(WORK TO BE COMPLETED) Give back every line of the data below exactly.

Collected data
···
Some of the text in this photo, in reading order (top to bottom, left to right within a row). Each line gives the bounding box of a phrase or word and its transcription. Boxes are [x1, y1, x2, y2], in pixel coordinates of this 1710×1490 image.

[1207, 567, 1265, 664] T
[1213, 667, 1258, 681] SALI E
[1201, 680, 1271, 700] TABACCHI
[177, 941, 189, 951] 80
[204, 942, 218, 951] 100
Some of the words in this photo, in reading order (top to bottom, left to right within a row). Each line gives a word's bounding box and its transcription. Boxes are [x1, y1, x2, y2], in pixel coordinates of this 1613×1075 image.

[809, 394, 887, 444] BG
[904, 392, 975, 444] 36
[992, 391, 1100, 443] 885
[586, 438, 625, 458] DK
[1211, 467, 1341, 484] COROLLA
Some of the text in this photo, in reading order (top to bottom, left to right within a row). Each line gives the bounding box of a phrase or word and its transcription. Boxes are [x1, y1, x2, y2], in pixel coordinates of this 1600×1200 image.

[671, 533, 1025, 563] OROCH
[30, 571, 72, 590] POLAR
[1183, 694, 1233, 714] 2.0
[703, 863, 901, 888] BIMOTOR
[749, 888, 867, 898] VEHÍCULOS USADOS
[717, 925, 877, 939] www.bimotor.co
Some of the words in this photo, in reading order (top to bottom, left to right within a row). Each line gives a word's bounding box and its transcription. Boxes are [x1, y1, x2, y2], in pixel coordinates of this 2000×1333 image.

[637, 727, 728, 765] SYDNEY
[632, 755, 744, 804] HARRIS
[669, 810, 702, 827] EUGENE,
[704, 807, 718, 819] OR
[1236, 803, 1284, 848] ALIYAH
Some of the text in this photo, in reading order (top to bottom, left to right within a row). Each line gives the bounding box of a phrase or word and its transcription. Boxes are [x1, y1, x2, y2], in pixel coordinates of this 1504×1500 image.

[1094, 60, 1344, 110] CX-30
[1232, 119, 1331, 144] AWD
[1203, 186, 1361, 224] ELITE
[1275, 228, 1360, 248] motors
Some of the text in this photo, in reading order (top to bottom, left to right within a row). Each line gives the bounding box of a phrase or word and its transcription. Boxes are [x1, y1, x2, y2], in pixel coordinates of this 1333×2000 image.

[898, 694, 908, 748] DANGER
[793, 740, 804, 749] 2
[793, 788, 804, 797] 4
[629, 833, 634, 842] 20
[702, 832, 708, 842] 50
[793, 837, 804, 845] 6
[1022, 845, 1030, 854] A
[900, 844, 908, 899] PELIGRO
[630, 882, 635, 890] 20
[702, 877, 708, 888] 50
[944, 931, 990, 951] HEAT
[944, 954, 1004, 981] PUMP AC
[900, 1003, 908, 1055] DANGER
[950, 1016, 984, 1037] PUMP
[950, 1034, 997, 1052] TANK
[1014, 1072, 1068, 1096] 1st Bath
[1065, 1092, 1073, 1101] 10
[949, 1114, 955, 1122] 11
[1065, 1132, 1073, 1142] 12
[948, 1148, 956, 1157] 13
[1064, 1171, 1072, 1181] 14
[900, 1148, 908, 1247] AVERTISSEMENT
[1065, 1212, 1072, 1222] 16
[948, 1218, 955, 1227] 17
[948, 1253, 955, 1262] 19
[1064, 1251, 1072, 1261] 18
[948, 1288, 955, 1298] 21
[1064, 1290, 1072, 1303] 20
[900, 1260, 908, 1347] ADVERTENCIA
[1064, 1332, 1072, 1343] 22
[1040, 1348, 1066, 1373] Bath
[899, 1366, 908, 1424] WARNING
···
(EXERCISE RESPONSE)
Some of the text in this photo, in reading order (top to bottom, left to right within a row). Each line gives the bounding box of a phrase or word and its transcription. Boxes are [x1, y1, x2, y2], in pixel coordinates of this 1710×1490 image.

[1207, 567, 1265, 664] T
[1213, 667, 1258, 681] SALI E
[1201, 680, 1271, 700] TABACCHI
[177, 941, 189, 951] 80
[204, 942, 218, 951] 100
Some of the words in this photo, in reading order (top to bottom, left to right within a row). Each line gives a word's bounding box and its transcription. Boxes are [x1, y1, x2, y2], in pixel coordinates of this 1613×1075 image.

[809, 394, 887, 444] BG
[904, 392, 975, 444] 36
[992, 391, 1100, 443] 885
[586, 438, 625, 458] DK
[1211, 467, 1341, 484] COROLLA
Some of the text in this photo, in reading order (top to bottom, left to right within a row). Each line gives the bounding box of a phrase or word and its transcription. Boxes are [x1, y1, x2, y2], in pixel coordinates of this 1600×1200 image.

[671, 533, 1025, 563] OROCH
[30, 571, 72, 590] POLAR
[1183, 694, 1233, 714] 2.0
[703, 863, 901, 888] BIMOTOR
[749, 888, 867, 898] VEHÍCULOS USADOS
[717, 925, 877, 939] www.bimotor.co
Some of the words in this photo, in reading order (top to bottom, left to right within a row). Each line gives a word's bounding box and its transcription. Boxes are [x1, y1, x2, y2], in pixel coordinates of this 2000×1333 image.

[637, 727, 728, 765] SYDNEY
[632, 755, 744, 804] HARRIS
[669, 810, 702, 827] EUGENE,
[704, 807, 718, 819] OR
[1236, 803, 1284, 848] ALIYAH
Some of the text in this photo, in reading order (top to bottom, left to right within a row). Each line gives the bounding box of a phrase or word and its transcription. Boxes are [x1, y1, x2, y2], in pixel coordinates of this 1504×1500 image.

[1094, 60, 1344, 110] CX-30
[1232, 119, 1331, 144] AWD
[1203, 186, 1361, 224] ELITE
[1275, 228, 1360, 248] motors
Some of the text in this photo, in reading order (top to bottom, left to right within a row). Each line gives the bounding box of a phrase or word and its transcription. Boxes are [x1, y1, x2, y2], in pixel coordinates of this 1333×2000 image.

[898, 694, 908, 748] DANGER
[793, 740, 804, 749] 2
[793, 788, 804, 797] 4
[629, 833, 634, 842] 20
[702, 832, 708, 842] 50
[793, 837, 804, 845] 6
[1022, 845, 1030, 854] A
[900, 844, 908, 899] PELIGRO
[630, 882, 635, 890] 20
[702, 877, 708, 888] 50
[944, 931, 990, 951] HEAT
[944, 954, 1004, 981] PUMP AC
[900, 1003, 908, 1055] DANGER
[950, 1016, 984, 1037] PUMP
[950, 1034, 997, 1052] TANK
[1014, 1072, 1068, 1096] 1st Bath
[1065, 1092, 1073, 1101] 10
[949, 1114, 955, 1122] 11
[1065, 1132, 1073, 1142] 12
[948, 1148, 956, 1157] 13
[1064, 1171, 1072, 1181] 14
[900, 1148, 908, 1247] AVERTISSEMENT
[1065, 1212, 1072, 1222] 16
[948, 1218, 955, 1227] 17
[948, 1253, 955, 1262] 19
[1064, 1251, 1072, 1261] 18
[948, 1288, 955, 1298] 21
[1064, 1290, 1072, 1303] 20
[900, 1260, 908, 1347] ADVERTENCIA
[1064, 1332, 1072, 1343] 22
[1040, 1348, 1066, 1373] Bath
[899, 1366, 908, 1424] WARNING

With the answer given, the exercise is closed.